Lokalize Sklerodermalı Hastalarda Serum Vitamin D Düzeylerinin ve Vitamin D Reseptör Gen Polimorfizminin Araştırılması

Abstract

Localized scleroderma (morphea) is a rare inflammatory disease that affects skin and subcutaneous tissue and consequently ends with fibrosis. The exact pathogenetic mechanisms have not been fully elucidated. Vascular injury, immune response and fibrosis are the most important steps of the pathogenesis. There are numerous studies about relationship between immune system, fibrosis and vitamin D. The aim of this study was to investigate serum 25(OH)D levels and the presence of VDR ApaI and TaqI polymorphisms in patients with morphea.
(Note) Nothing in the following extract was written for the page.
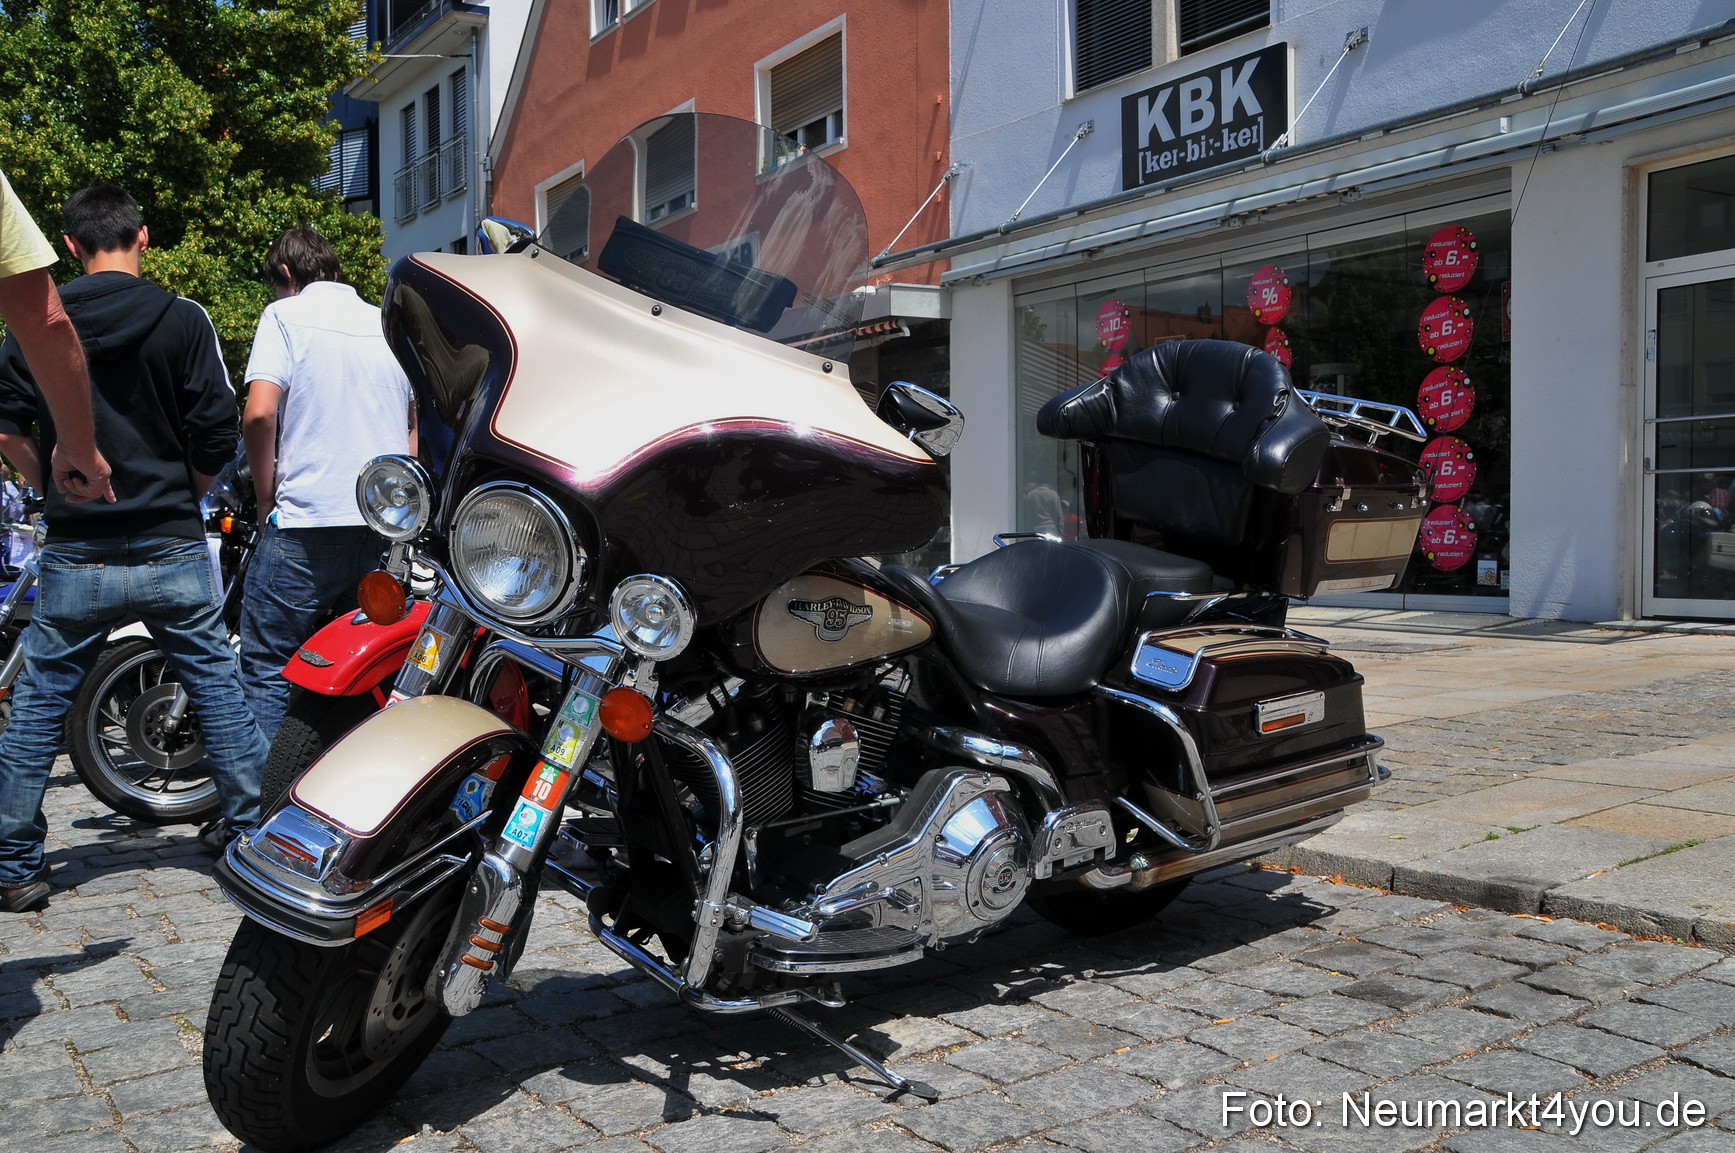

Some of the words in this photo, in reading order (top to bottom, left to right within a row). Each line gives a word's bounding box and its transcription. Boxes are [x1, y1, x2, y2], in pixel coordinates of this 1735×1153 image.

Forty-one morphea patients and 48age- and sex-matched controls were included. PCR and gel electrophoresis were used to detect VDR polymorphisms and liquid chromatography coupled with tandem mass spectrometry(LC-MS/MS) was used to evaluate serum 25(OH)D levels in blood samples. There were 37 female (%90,2) and 4 male (%9,8) in the morphea group. The mean age of patients was 38,68±17,54 years. There was no significant difference in VDR ApaI and TaqI polymorphisms between patient and control groups. Most common genotypes were AA and TT in both groups. All of the patients with progressive disease found to be heterozygous for TaqI polymorphism and this was statistically significant. Mean serum 25(OH)D level of patients was 16,98±11,55 µg/L and control group was 18,02±14,30 µg/L, respectively(p=1,0). There was no significant difference between groups. There was no significant relationship between VDR polymorphisms and vitamin D levels and disease subtype, age of onset, treatment response and accompanying autoimmune diseases.In our study, we found that VDR ApaI and TaqI polymorphisms were not related to morphea susceptibility and TaqI polymorphism might be related to the severity of the disease.